SlumTodd_Millionaire
Most Hated Member
Now thats weird. I've heard both things.....that it is an ALPA generated list, and that it isn't an ALPA generated list.
So it isn't?
It is not.
I dont know the entire history of "the list". but I believe ALPA created/maintained the first list, and then there was a lawsuit or two over it, and the judge said no more list making. Some one from within ALPA took on list making as their own project 'independent' of alpa, and thus you have the list of today. You'd probaly want to ask Todd, to some one else that has a lot more intamate knowledge of that list, but that might be the one minute version of the history of it.
Scab lists used to be maintained by ALPA International way back in the day (think Century Airlines), or by the individual MECs in later years (think CAL or EAL). The Century scab list was actually published on the front page of Air Line Pilot Magazine. That didn't last long, though, and ALPA became so big that it was better to have each individual airline keep track of their scabs.

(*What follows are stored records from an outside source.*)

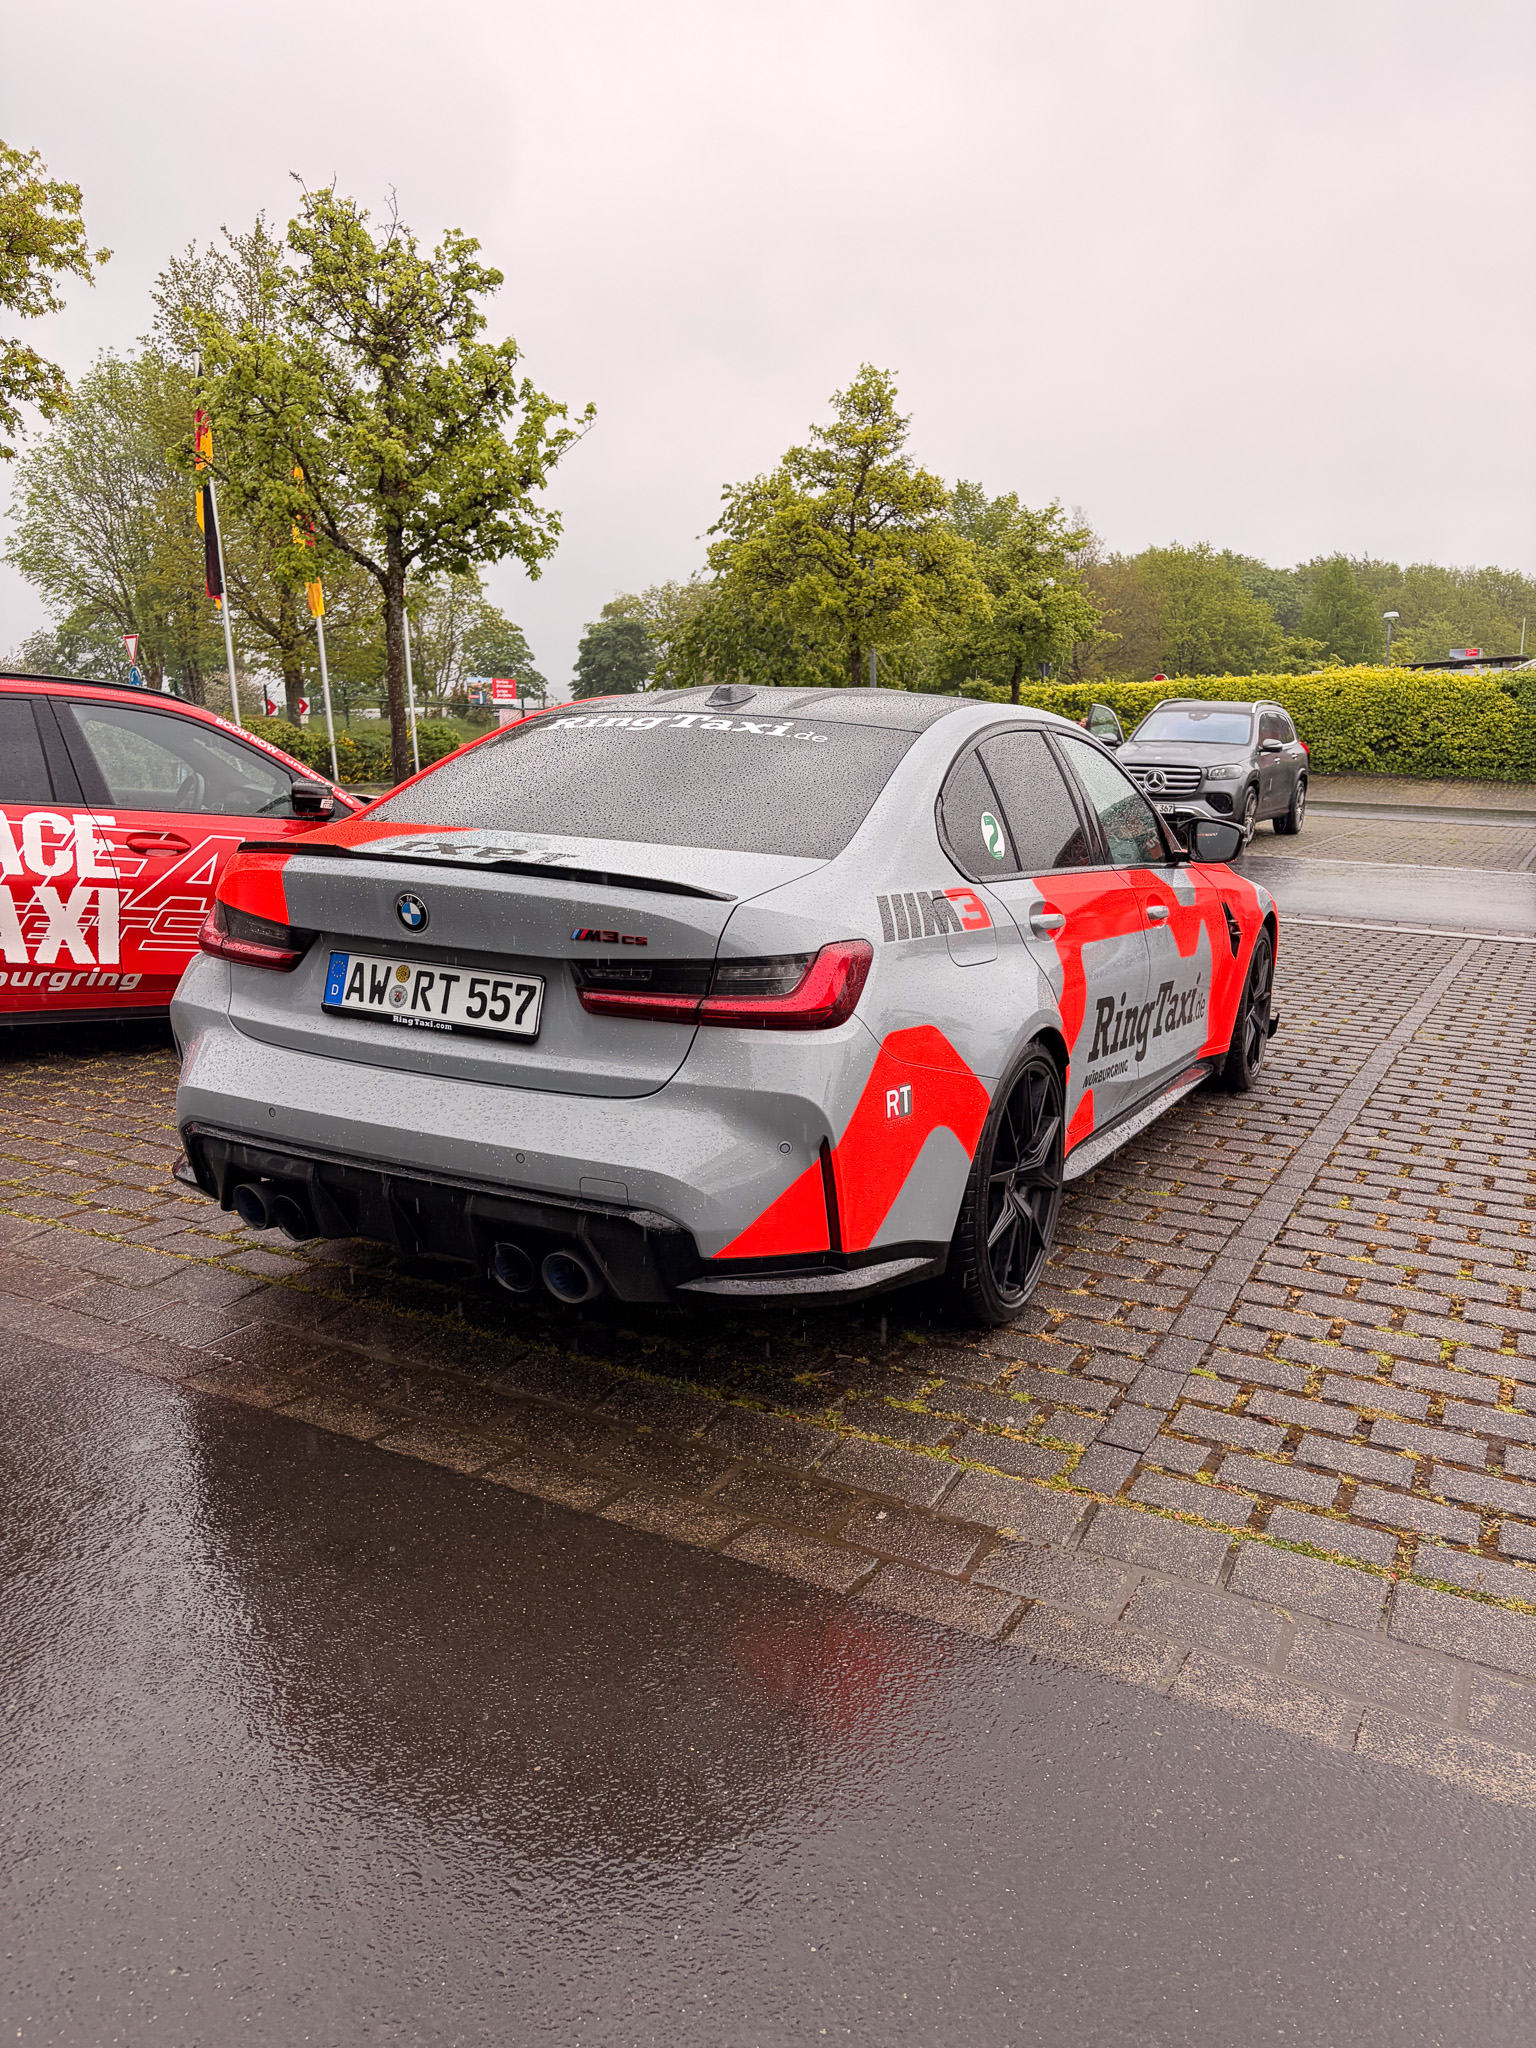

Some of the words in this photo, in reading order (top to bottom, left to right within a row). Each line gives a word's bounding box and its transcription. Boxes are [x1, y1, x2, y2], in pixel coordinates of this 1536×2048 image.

[215, 717, 248, 739] BOOK
[250, 735, 279, 754] NOW
[540, 714, 828, 743] RingTaxi.de
[1160, 804, 1173, 813] 367
[399, 895, 423, 909] BMW
[330, 984, 339, 996] D
[345, 962, 392, 1005] AW
[411, 970, 460, 1014] RT
[466, 977, 537, 1025] 557
[1087, 972, 1206, 1063] RingTaxi.de
[1081, 1059, 1129, 1089] NÜRBURGRING
[886, 1084, 912, 1119] RT

During the EAL strike, the EAL MEC published several official lists throughout the strike. At the end of the strike, the lists were all compiled into the final official list, which was titled "The SCABS of the Eastern Strike of 1989." This was the last time that any scab list was published by an ALPA entity. There aren't too many of these old lists still floating around, but occasionally you'll run into an old timer that still has his. I knew a retired EAL striker down in Florida that had his copy hanging from a noose in his hangar.

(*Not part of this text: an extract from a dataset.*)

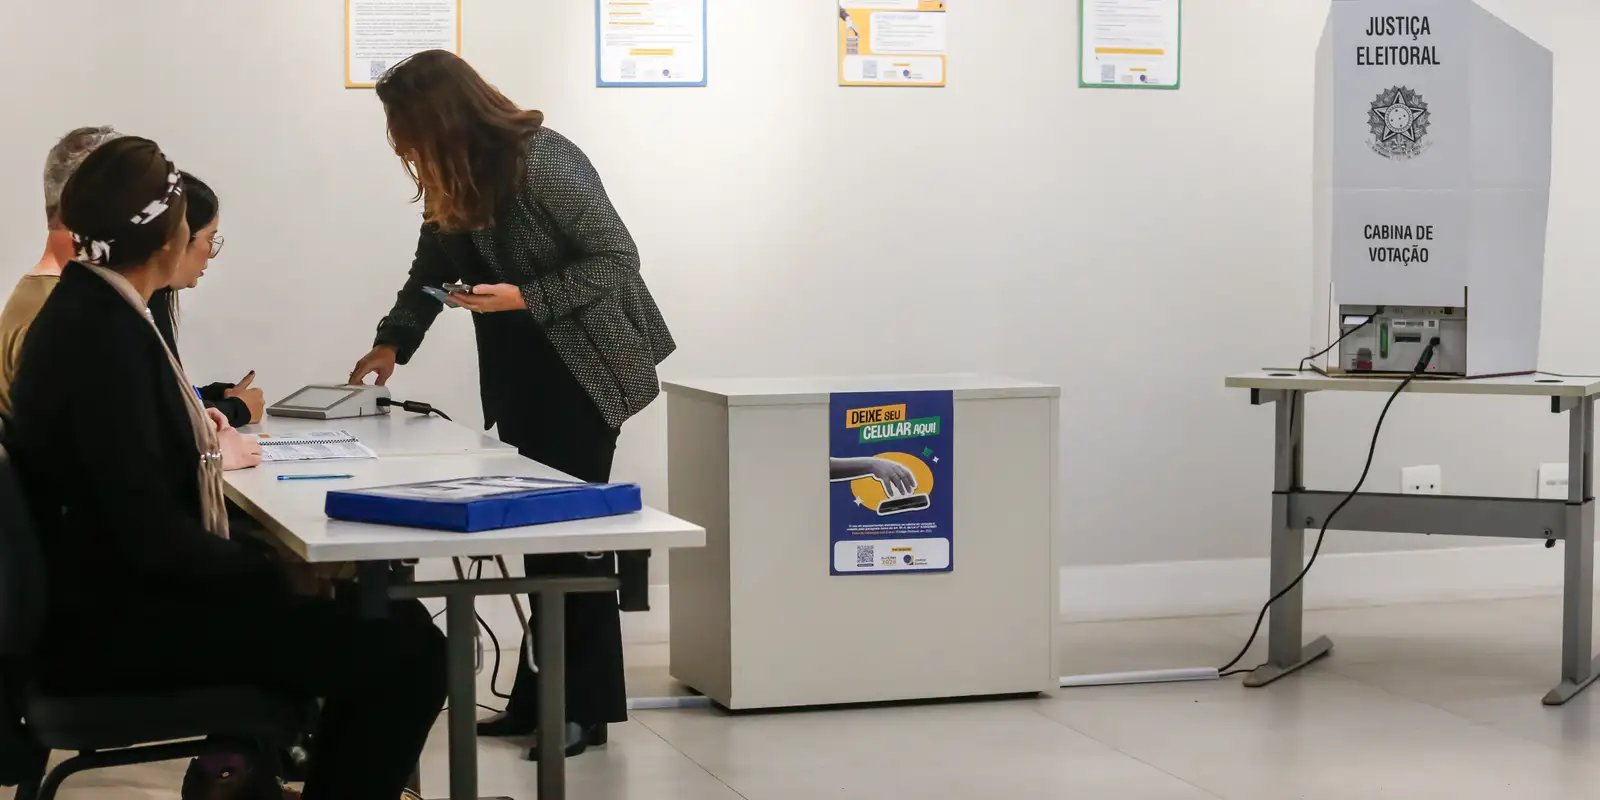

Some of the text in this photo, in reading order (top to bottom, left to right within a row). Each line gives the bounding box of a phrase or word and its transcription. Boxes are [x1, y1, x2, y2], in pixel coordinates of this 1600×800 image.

In the '90s, the various scab lists were all compiled by a regional pilot that worked at an ALPA carrier, but he was not acting on behalf of ALPA. It was his own personal project. Most of the "Master Scab Lists" that you'll find nowadays were generated from this project. He still maintains the list, although he no longer works for an ALPA carrier.
As far as lawsuits, there was a major lawsuit filed against ALPA by an EAL pilot regarding the list, but the judge dismissed the claim, saying that it was not libel or slander to call someone a scab if they did indeed fit the definition. So, ALPA has never lost a lawsuit related to a scab list, but they still don't publish them for whatever reason.